“Une expulsion potentielle, cela peut aller très vite. Dans un sens comme dans l’autre.” André Mazuir, le porte-parole du Réseau d’alerte et de solidarité des Vénissians, a la mine des mauvais jours, ce mardi 28 octobre. Une famille, que le Réseau suit depuis quelques semaines, peut être expulsée de son logement d’un jour à l’autre, avant le début de la trêve hivernale fixé au 1er novembre. Et dans cette famille, se trouvent deux bébés, de 1 et 2 ans.
“Ce dossier devrait pourtant être assez simple. Il s’agit d’une famille avec de petites ressources, environ 850 euros, vivant en HLM pour un loyer de 440 euros. Le versement des APL (environ 400 euros) leur a été coupé par la Caisse d’allocations familiales à la suite d’un premier impayé. Un plan de surendettement est en cours, ce qui fait que la CAF a accepté de faire repartir le versement des APL. Mais le bailleur s’obstine à vouloir mettre dehors cette famille. Ils ont une dette d’environ 4 000 euros, qui pourrait être en grande partie remboursée par le rappel de l’aide au logement. Nous sommes dans une impasse pour le moment.”
Il faut dire qu’en termes d’expulsions, l’été n’a pas été de tout repos pour les militants bénévoles du Réseau d’alerte et de solidarité des Vénissians, qui se bat depuis 1998 contre les expulsions locatives et les coupures d’énergies. “À notre connaissance, trois au moins ont été réalisées. C’est une nouveauté : les étés précédents, les bailleurs et le préfet ne prévoyaient pas, ou peu, d’expulsions. Comme une sorte de “trêve estivale”, plus liée aux congés chez les différents intervenants qu’à une volonté de laisser les gens tranquilles.”
Dans le cas qui préoccupe ce mardi le Réseau, le bailleur n’a pas laissé beaucoup d’options. “Il ne fait plus confiance aux locataires, explique Raul Maldonado, un des bénévoles. La direction a refusé de normaliser la situation, et demandé la mise en place d’un bail glissant, à signer en une semaine.” Problème : un bail glissant, dans lequel une association paie le loyer à la place des locataires, qui remboursent l’association, ne peut pas se mettre en place aussi vite. Une semaine, c’est “à peine le temps de nouer les contacts !”
Alors, le temps presse. Dans leur local, les militants du Réseau décrochent le téléphone. Une première association vient de se dessaisir du dossier. “C’est une très mauvaise nouvelle, explique André Mazuir.
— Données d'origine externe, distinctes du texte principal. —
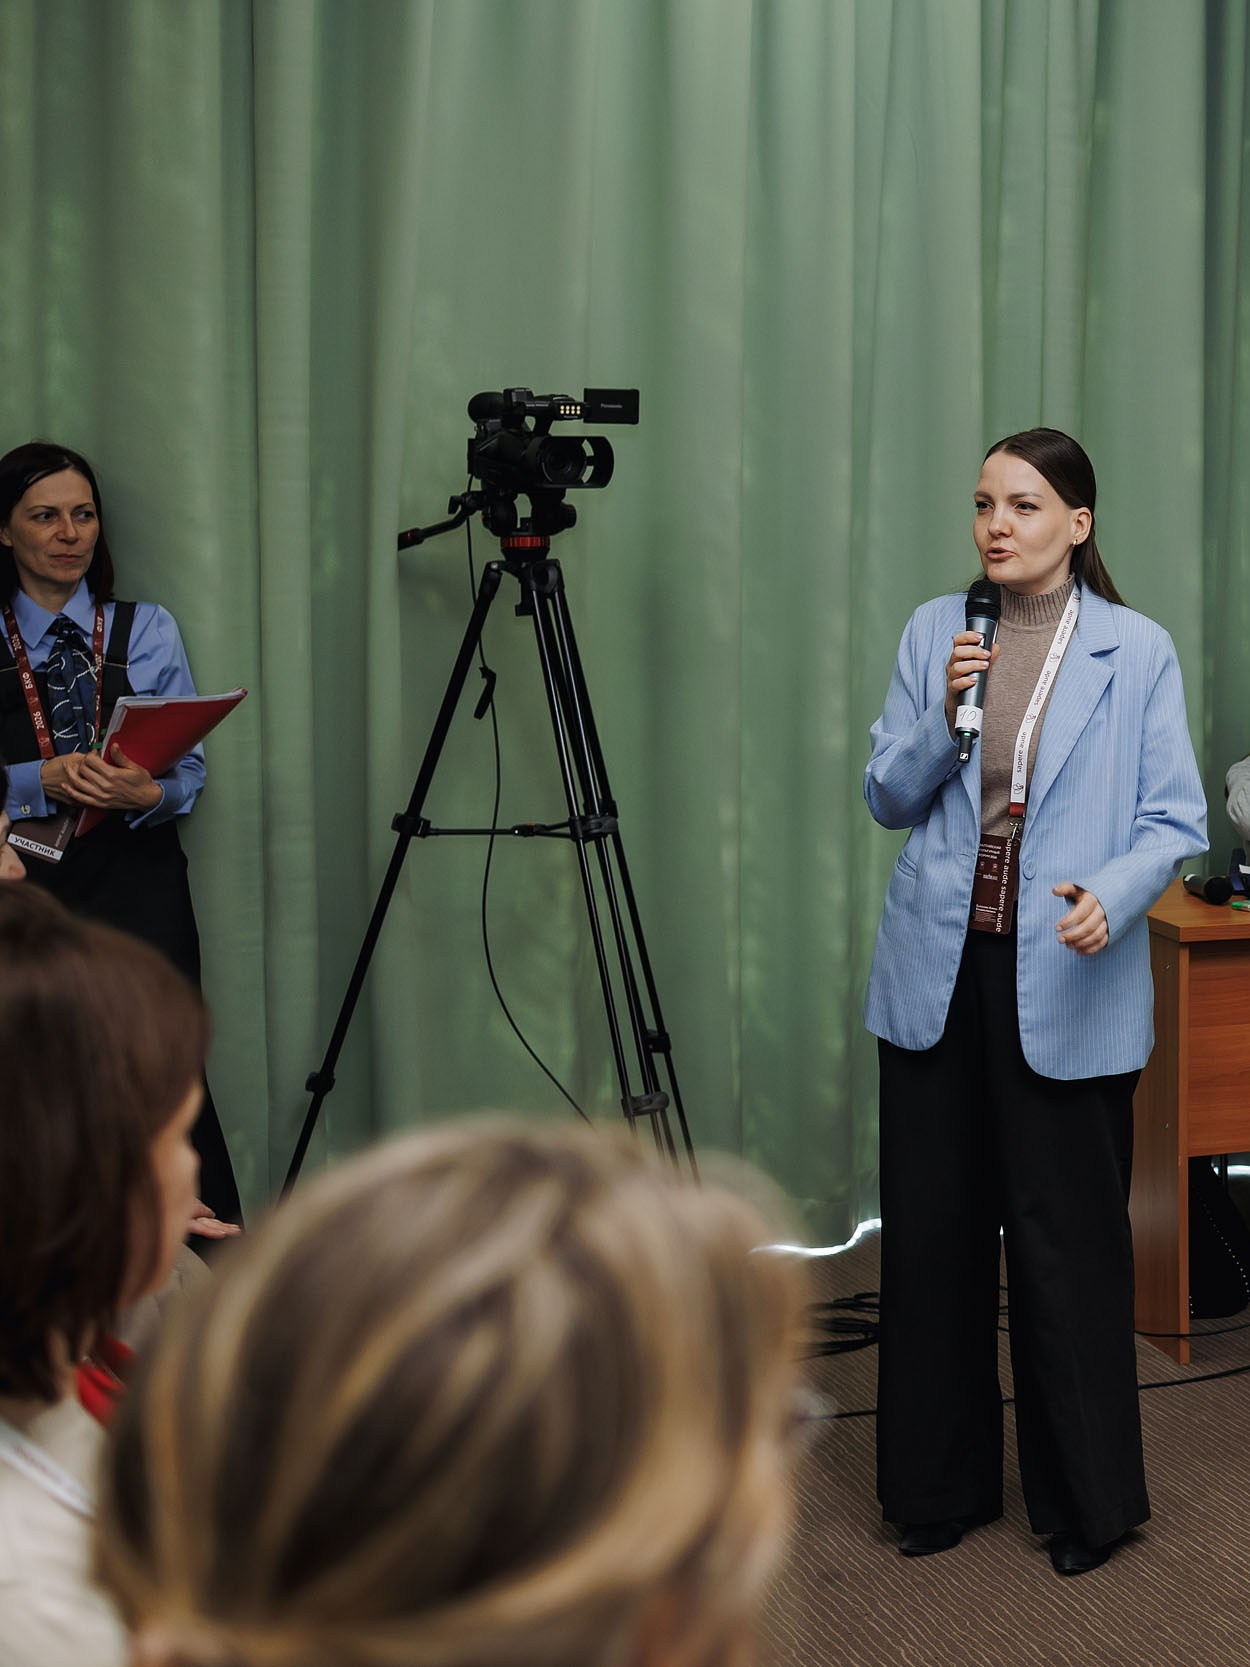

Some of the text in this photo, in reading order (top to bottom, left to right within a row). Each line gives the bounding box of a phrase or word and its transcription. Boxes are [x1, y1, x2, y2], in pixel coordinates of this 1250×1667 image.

[1057, 609, 1074, 645] sapere aude
[1034, 670, 1051, 706] sapere aude
[15, 837, 55, 856] УЧАСТНИК
[998, 886, 1007, 911] sapere
Nous ne savons même pas pourquoi ils refusent de s’occuper de cette famille.” L’infatigable porte-parole plaide la cause de cette famille auprès de l’association en question. “Nous nous battons pour que deux bébés ne se retrouvent pas sur le trottoir. C’est très concret : dès demain, ils peuvent être mis dehors. La seule solution, c’est un bail glissant. Vous pouvez, vous devez nous aider.” Peine perdue. Le Réseau se heurte à une fin de non-recevoir.
“Bon… Nous allons en appeler une autre”, annonce André Mazuir. Laquelle n’acceptera pas non plus de s’occuper de cette famille, arguant que le CCAS (Centre communal d’action sociale) de Vénissieux, qui supervise le dossier, ne l’a pas saisie. “On exagère la situation de cette famille, tempête André Mazuir. On a réglé des dossiers plus compliqués, tout de même !”
L’impasse, toujours, donc. Reste une solution pour le Réseau, qui revendique une cinquantaine de membres : mobiliser le plus de personnes possibles, tous les matins jusqu’au début de la trêve hivernale le 1er novembre. Faire un barrage humain, au cas où les policiers viendraient. Et espérer que les forces de l’ordre, dont le concours a été accordé par la préfecture, “fassent preuve de fraternité”.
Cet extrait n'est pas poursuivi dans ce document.